The Center of Effective Philanthropy has an annual budget of $7 million and a staff of 36. It does research on foundation practices and is perhaps best known for its “satisfaction” surveys of foundations, which try to determine the reaction of both foundation and grantee staff to a foundation’s grantmaking process. This is the softest type of evaluation; the Center does not sponsor independent, hard-hitting evaluations. Nor does it explore some of the more fundamental ailments of the field: the lack of diversity on foundation boards, the enormous growth in unsolicited proposals, the inequity of who gets the benefits from foundation funding, the stagnant payout rate; the dangers in the increasing number of mega-foundations, and the issue of philanthropic control and power. In short, it is by no means a foundation change agent.

Grantmakers for Effective Organizations is an in-house institution that tries gently to push the foundation community toward better standards, greater accountability, higher performance and more effective leadership. It has an annual budget of $4.5 million and a staff of 25. But it, too, does not have much of an advocacy bone, preferring not to engage in the tougher issues that face the foundation world.

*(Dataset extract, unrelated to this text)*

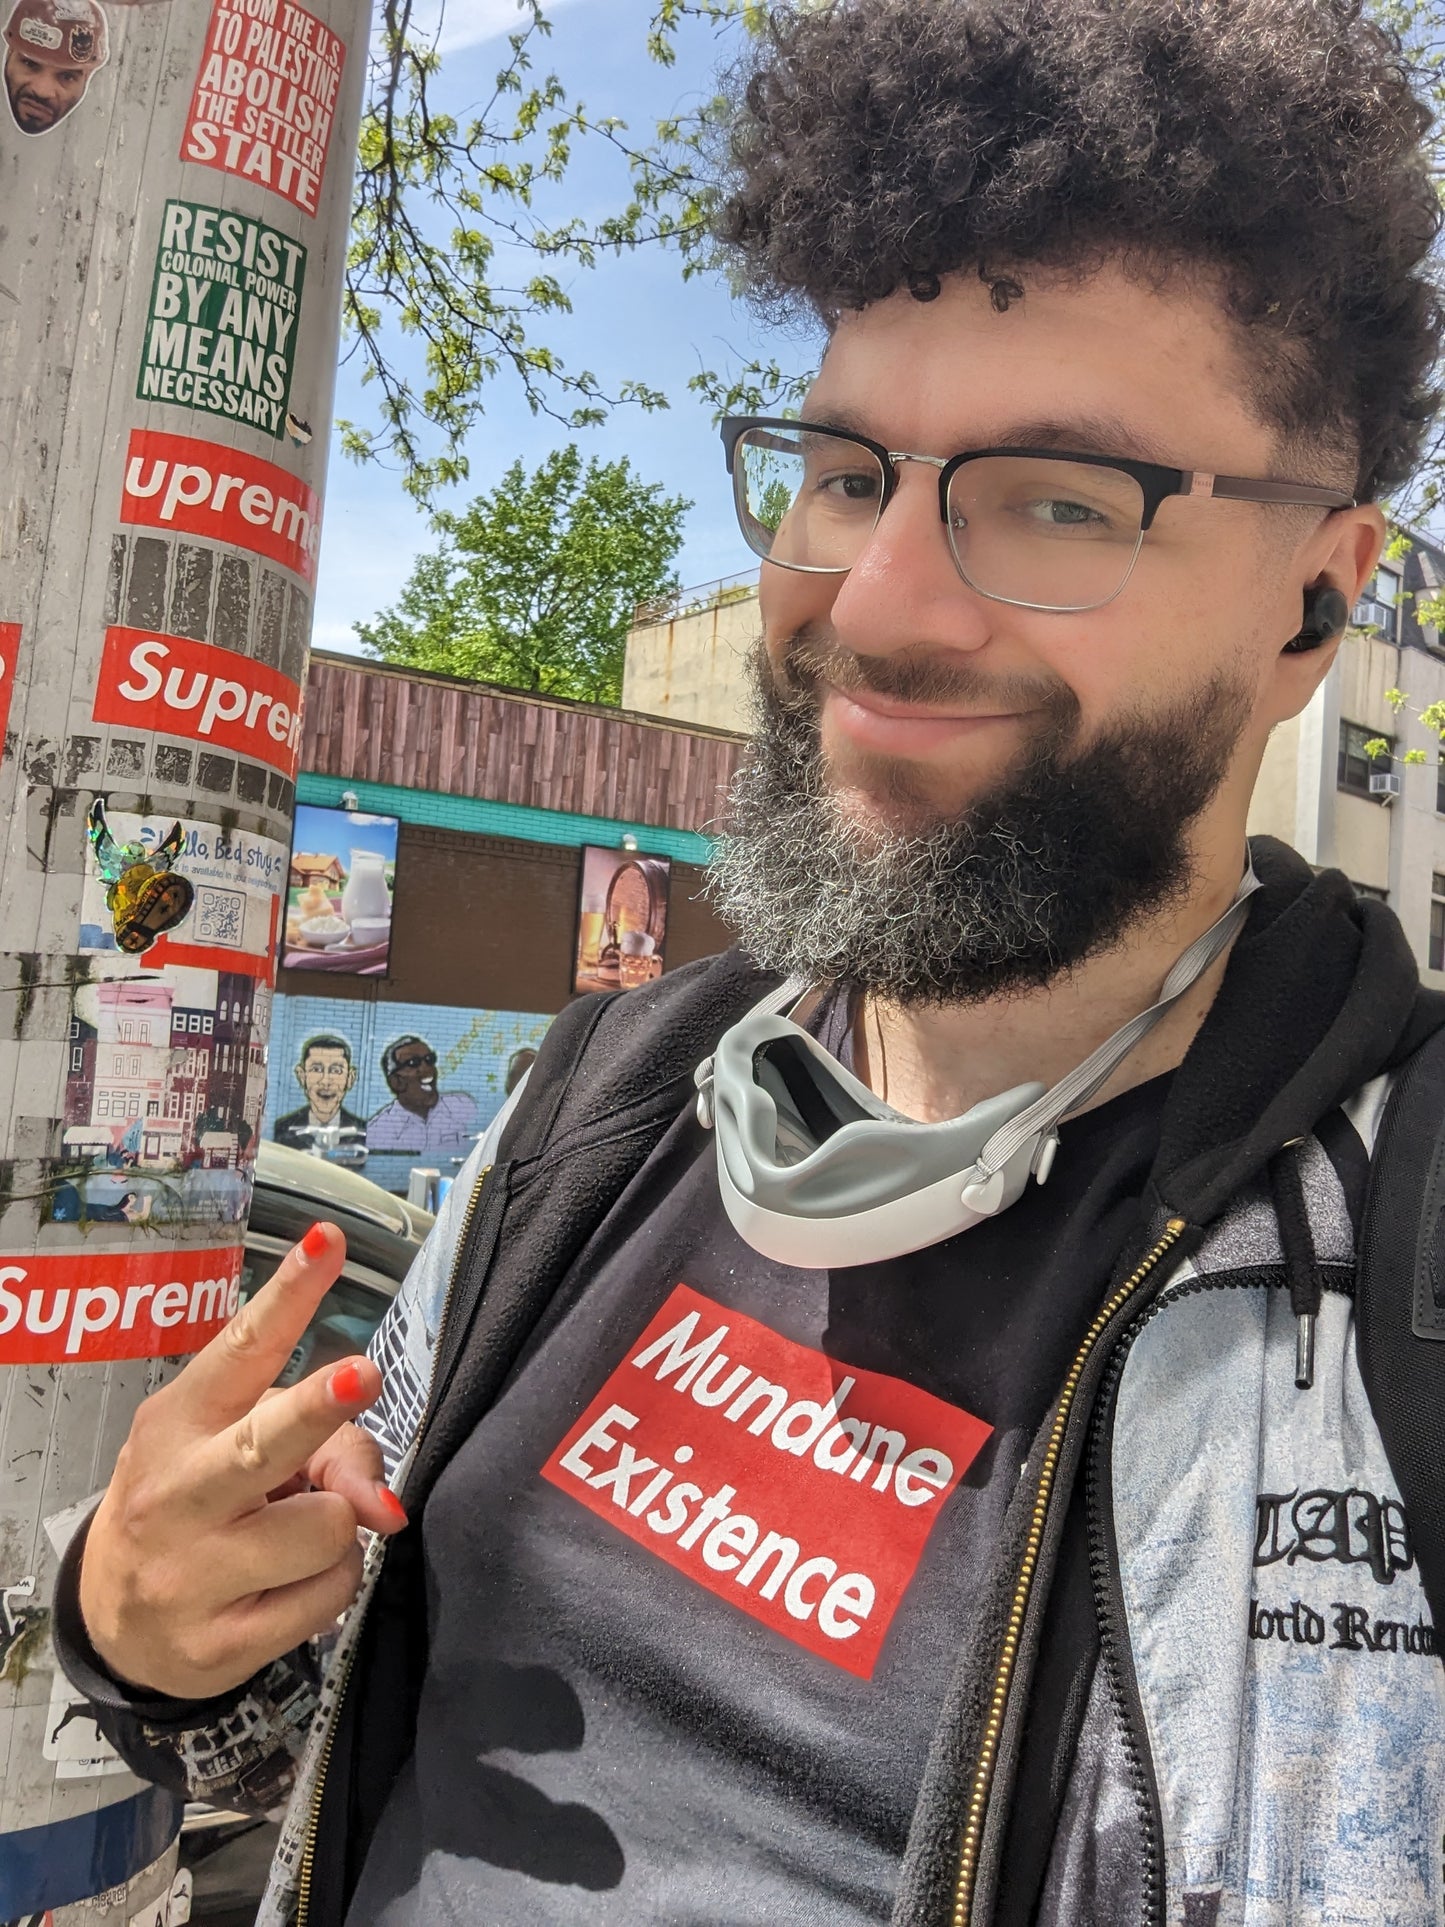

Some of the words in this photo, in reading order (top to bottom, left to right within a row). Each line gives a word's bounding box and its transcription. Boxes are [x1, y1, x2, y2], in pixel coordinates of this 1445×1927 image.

What is notable about the two recipient organizations is that their boards are almost entirely composed, with few exceptions, of foundation or ex-foundation people. James Abernathy, former ED of the Environmental Support Center, appears to have been the lone nonprofit representative in the history of Grantmakers for Effective Organizations. No major nonprofit leaders or community activists have had the opportunity to contribute to the thinking and decision-making of either organization.

During the past year, the Center for Effective Philanthropy received $1,400,000 in general support from the six funders that just gave the organization an additional million dollars. And its funders’ list comprises a “who’s who” of major foundations. Did it really need the new money?

Similarly, Grantmakers for Effective Organizations has an impressive stable of funders, large and small. The past year, it received $200,000 from the Ford Foundation and $425,000 over three years from the Hewlett Foundation in addition to its $1 million grant. It is not in need of additional resources. As an insider within the foundation community, it can command whatever support it requires. So why give it more?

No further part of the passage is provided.